Jumping the line isn’t an easy feat, mind you. v1.0 of Mailbox was vulnerable to an edited .plist on jailbroken devices (or using a modified backup restore, I’d imagine) – velvet room allowed = YES, and you were in. The 1.0.1 update (which deserves a spot on the Tumblr of shame for “- bug fixes”) seems to close this hole. Mister T seems similarly immune to a straightforward MITM attack on his line-position responses.

Which isn’t entirely unexpected because, you know, he’s Mister T.

On requiring a PIN to shutdown

 » June 19th, 2012

Today Cabel Sasser tweeted a proposal to add a “shutdown requires PIN” option to iOS. Cabel found, as have numerous people who have had their iPhones stolen recently, that many thieves have gotten wise to Find My iPhone. They make sure to shut off stolen devices as soon as they can, rendering the device recovery service useless.

I had the same thought after my girlfriend’s factory-unlocked (ugh) iPhone 4 was stolen recently while she was hosting a fundraising event. By the time she called to tell me her phone was missing, the device was offline – and it hasn’t resurfaced since.
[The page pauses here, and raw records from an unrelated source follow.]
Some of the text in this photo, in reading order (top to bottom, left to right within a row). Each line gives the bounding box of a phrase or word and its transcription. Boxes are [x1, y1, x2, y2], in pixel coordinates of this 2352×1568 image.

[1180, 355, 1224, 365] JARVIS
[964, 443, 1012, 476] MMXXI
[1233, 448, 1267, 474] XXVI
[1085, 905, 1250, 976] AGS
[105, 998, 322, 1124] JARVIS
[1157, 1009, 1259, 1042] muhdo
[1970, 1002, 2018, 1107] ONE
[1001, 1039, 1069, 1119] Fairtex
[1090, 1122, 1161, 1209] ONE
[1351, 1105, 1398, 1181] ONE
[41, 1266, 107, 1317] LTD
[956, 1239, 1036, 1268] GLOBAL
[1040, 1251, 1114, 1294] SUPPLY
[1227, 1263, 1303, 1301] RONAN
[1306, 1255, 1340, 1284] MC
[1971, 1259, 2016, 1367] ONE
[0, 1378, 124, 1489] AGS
It’s clear that whoever took it knew the drill.

In light of this, it seems like PIN-protecting device shutdown is a great idea (I was so enamoured of the idea when I first thought of it that I nearly fired off a self-satisfied email suggesting it to Apple), but unfortunately it’s not likely to prove useful.

Nothing protects against thieves ejecting your SIM card, but that’s not the most significant problem.

Most devastating is the device hard reset (holding Sleep/Wake and Home simultaneously for a few seconds). Hard resets are a failsafe for an unresponsive device, and thus cannot require a PIN. Hell, given the ease and speed of a hard reset, I’d guess it’s the preferred shutdown method for a savvy thief – it can even be performed completely eyes-free.

Unfortunately, this all means that adding a “shutdown requires PIN” setting won’t be more than a brief respite in the arms race against thieves – smart thieves will quickly learn to evade the system, and we’ll soon be back where we started.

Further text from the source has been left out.